– Es posible que necesite su ayuda… para un amigo, por supuesto -dije, sintiéndome bastante estúpida.
– Un amigo. Sí, claro. En ese caso, lo mejor sería concertar una entrevista.
– Pero no en su oficina -insistí.
– Lo entiendo muy bien, señora. ¿Le va bien en el hotel St. Agnes, de la calle Bury, South Kensington, mañana a las cuatro de la tarde?
– Sí -contesté, y colgué el teléfono, dándome cuenta de que él no sabía mi nombre y yo no conocía su aspecto.
Cuando llegué al St. Agnes, un lugar espantoso al lado de Brompton Road, South Kensington, di varias vueltas a la manzana antes de decidirme a entrar en el vestíbulo. Un hombre de unos treinta o treinta y cinco años se hallaba apoyado en el mostrador de recepción. Dio un salto en cuanto me vio.
– ¿Busca al señor Harris, por casualidad? -inquirió.
Asintió y, sin perder tiempo, me condujo al salón de té y me ofreció un asiento en el rincón más apartado. Se sentó frente a mí y le examiné con toda atención. Debía medir alrededor de un metro setenta y era corpulento, de cabello castaño oscuro y bigote aún más castaño. Vestía una chaqueta de tweed Harris a cuadros sobre fondo marrón, una camisa crema y una estrecha corbata amarilla. Cuando empecé a explicarle mi propósito, se puso a chasquear los nudillos, uno a uno, primero de la mano izquierda y luego de la derecha, distrayéndome. Tuve ganas de levantarme y marcharme, y lo habría hecho de haber creído por un momento que me resultaría fácil encontrar a alguien menos repugnante para realizar mis deseos.

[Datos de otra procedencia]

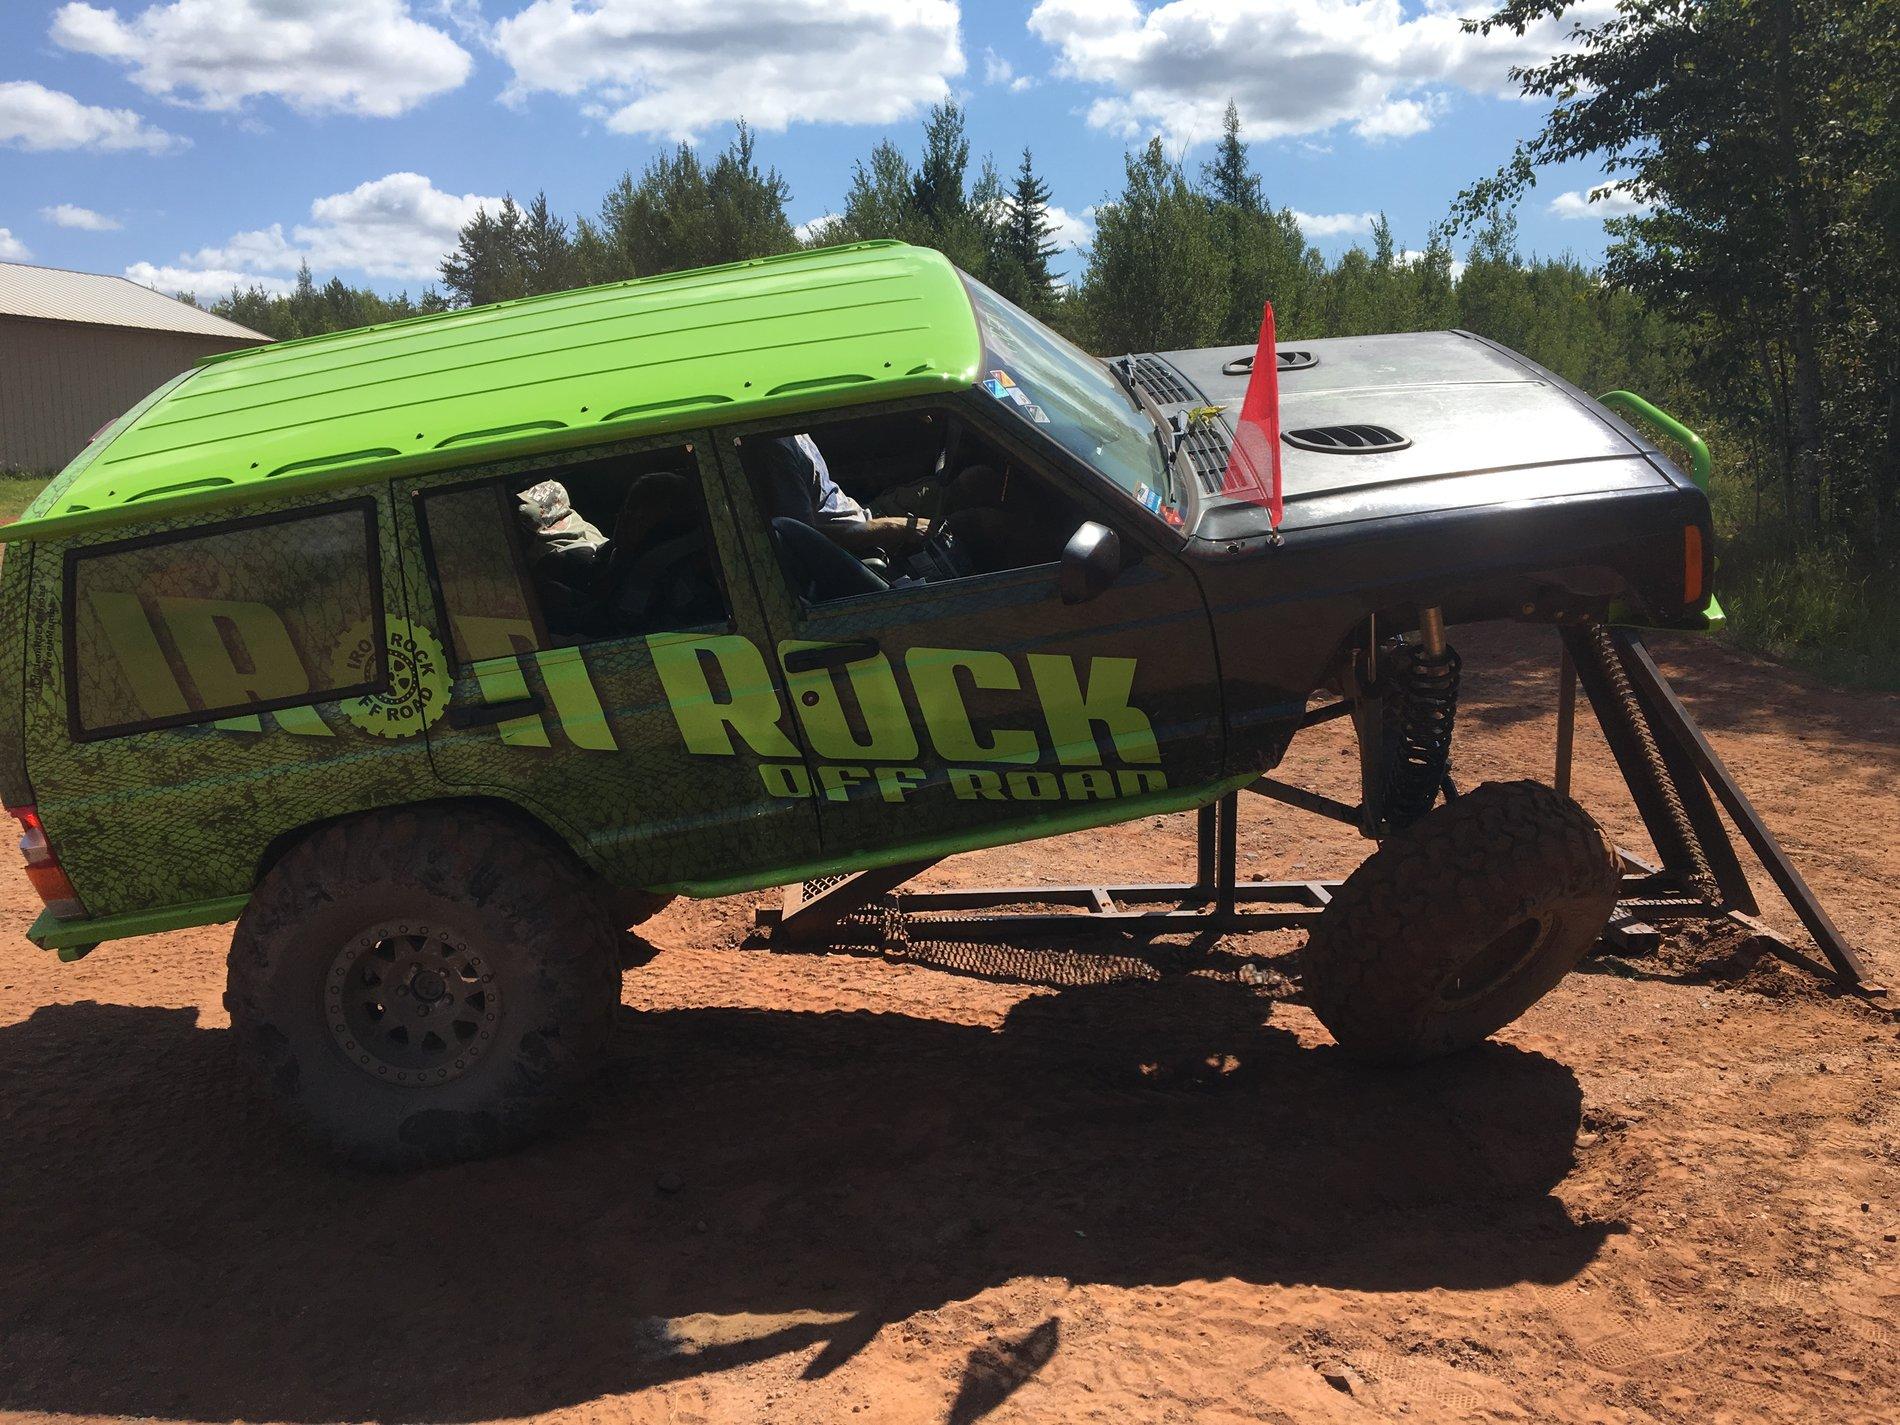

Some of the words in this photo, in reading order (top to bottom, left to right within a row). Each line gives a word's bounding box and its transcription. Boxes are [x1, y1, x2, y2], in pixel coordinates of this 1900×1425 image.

Tardé bastante en convencer al señor Harris de que no buscaba un divorcio. Le expliqué mi problema con todo lujo de detalles en aquella primera entrevista. Me quedé de piedra cuando solicitó la exorbitante cantidad de cinco chelines a la hora, sólo para iniciar las investigaciones. Sin embargo, presentí que no tenía muchas alternativas al alcance de mi mano. Convine con él en que empezara al día siguiente, y que nos volveríamos a encontrar una semana después.

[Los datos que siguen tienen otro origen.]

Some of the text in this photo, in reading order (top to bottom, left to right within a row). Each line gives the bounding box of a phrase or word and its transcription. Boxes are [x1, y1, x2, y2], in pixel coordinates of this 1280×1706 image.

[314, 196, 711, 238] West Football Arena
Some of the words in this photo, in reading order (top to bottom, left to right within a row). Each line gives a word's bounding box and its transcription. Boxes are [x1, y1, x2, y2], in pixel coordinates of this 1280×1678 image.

El primer informe del señor Harris corroboró que, según la opinión de los que pasaban la mayor parte de sus horas de trabajo en una taberna de Chelsea llamada «El Mosquetero», Charlie Trumper era el padre del hijo de Rebecca Salmon, y que, cuando se le preguntaba directamente, no lo negaba. Como para demostrar esta aseveración, la señorita Salmon y él se casaron a los pocos días de nacer el niño, en la oficina del registro y a hurtadillas.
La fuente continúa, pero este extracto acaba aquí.